# [INPUT DATA]
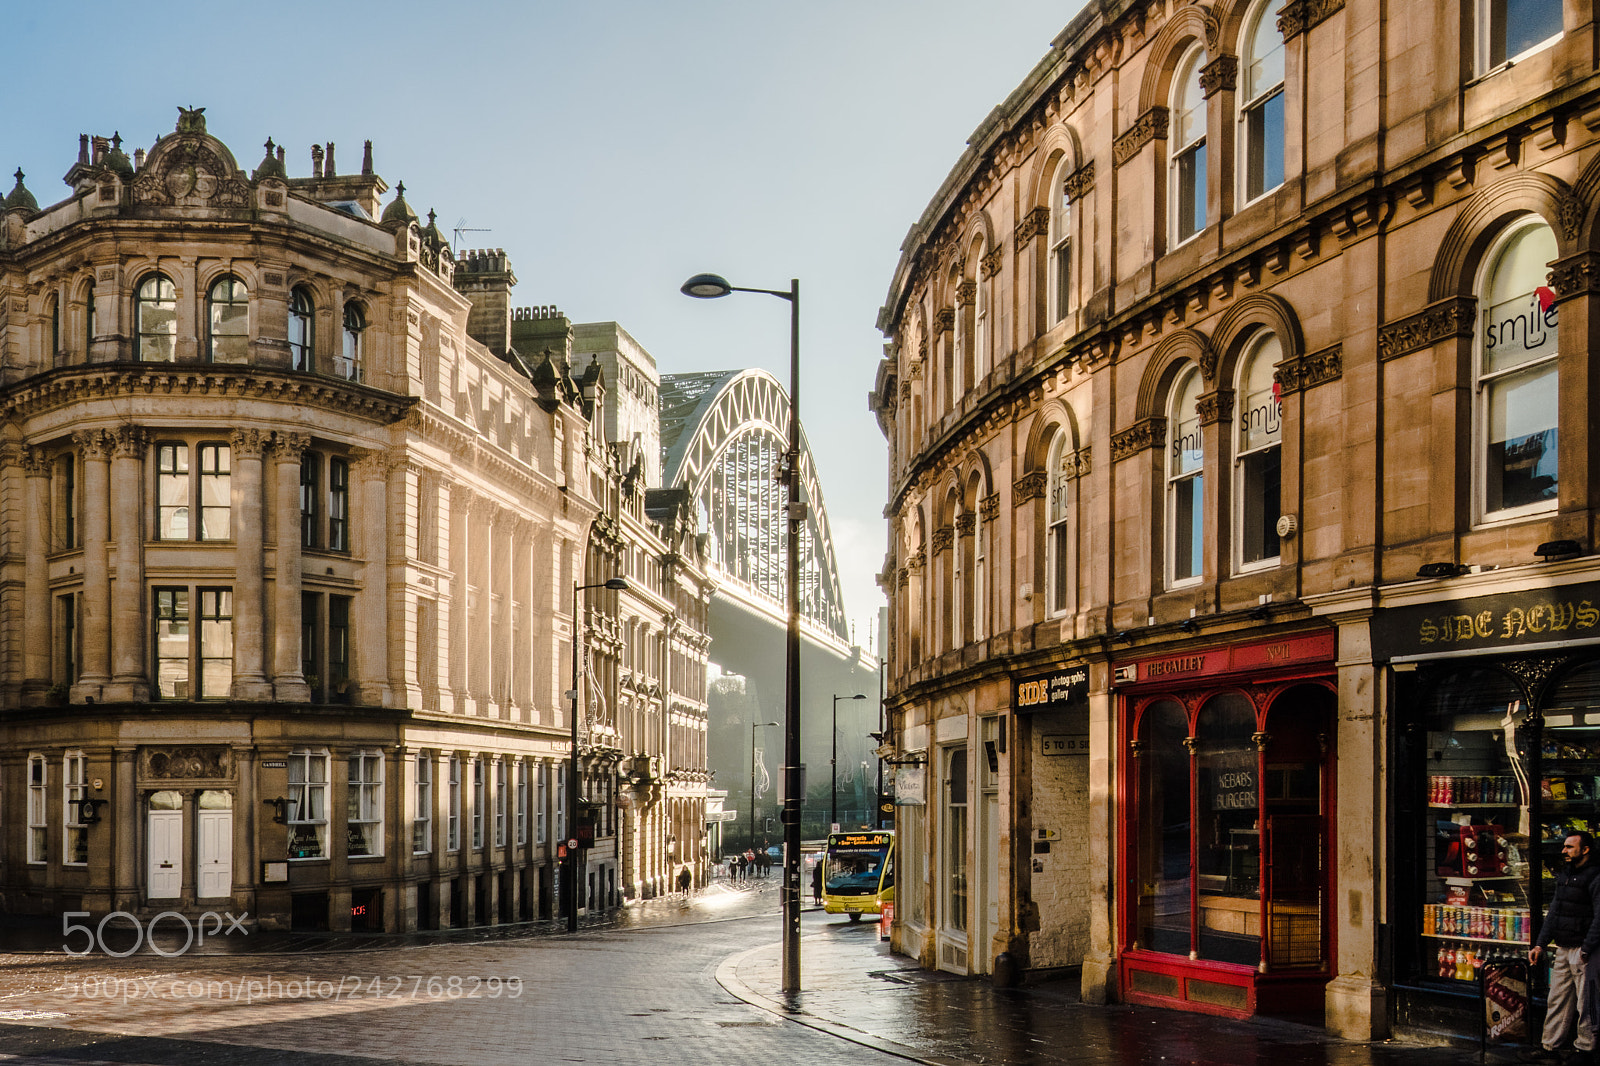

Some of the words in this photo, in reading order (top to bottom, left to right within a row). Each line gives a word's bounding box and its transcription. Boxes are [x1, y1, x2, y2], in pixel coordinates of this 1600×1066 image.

[1486, 300, 1559, 350] smile
[1173, 424, 1203, 461] smil
[1419, 609, 1494, 645] SIDE
[1500, 600, 1600, 639] NEWS
[1146, 662, 1163, 676] THE
[1163, 656, 1206, 674] GALLEY
[1051, 670, 1086, 689] photogaphic
[1018, 680, 1049, 706] SIDE
[1051, 688, 1069, 703] gallery
[1044, 740, 1050, 750] 5
[1054, 741, 1064, 749] TO
[1219, 771, 1252, 789] KEBABS
[1216, 791, 1256, 809] BURGERS
[874, 835, 882, 844] Q1
[1490, 1007, 1524, 1038] Rollover

# [BRIEF]
Return the full set of lines above word for word and with no pictures.

# [EXERCISE SOLUTION]
Some of the words in this photo, in reading order (top to bottom, left to right within a row). Each line gives a word's bounding box and its transcription. Boxes are [x1, y1, x2, y2], in pixel coordinates of this 1600×1066 image.

[1486, 300, 1559, 350] smile
[1173, 424, 1203, 461] smil
[1419, 609, 1494, 645] SIDE
[1500, 600, 1600, 639] NEWS
[1146, 662, 1163, 676] THE
[1163, 656, 1206, 674] GALLEY
[1051, 670, 1086, 689] photogaphic
[1018, 680, 1049, 706] SIDE
[1051, 688, 1069, 703] gallery
[1044, 740, 1050, 750] 5
[1054, 741, 1064, 749] TO
[1219, 771, 1252, 789] KEBABS
[1216, 791, 1256, 809] BURGERS
[874, 835, 882, 844] Q1
[1490, 1007, 1524, 1038] Rollover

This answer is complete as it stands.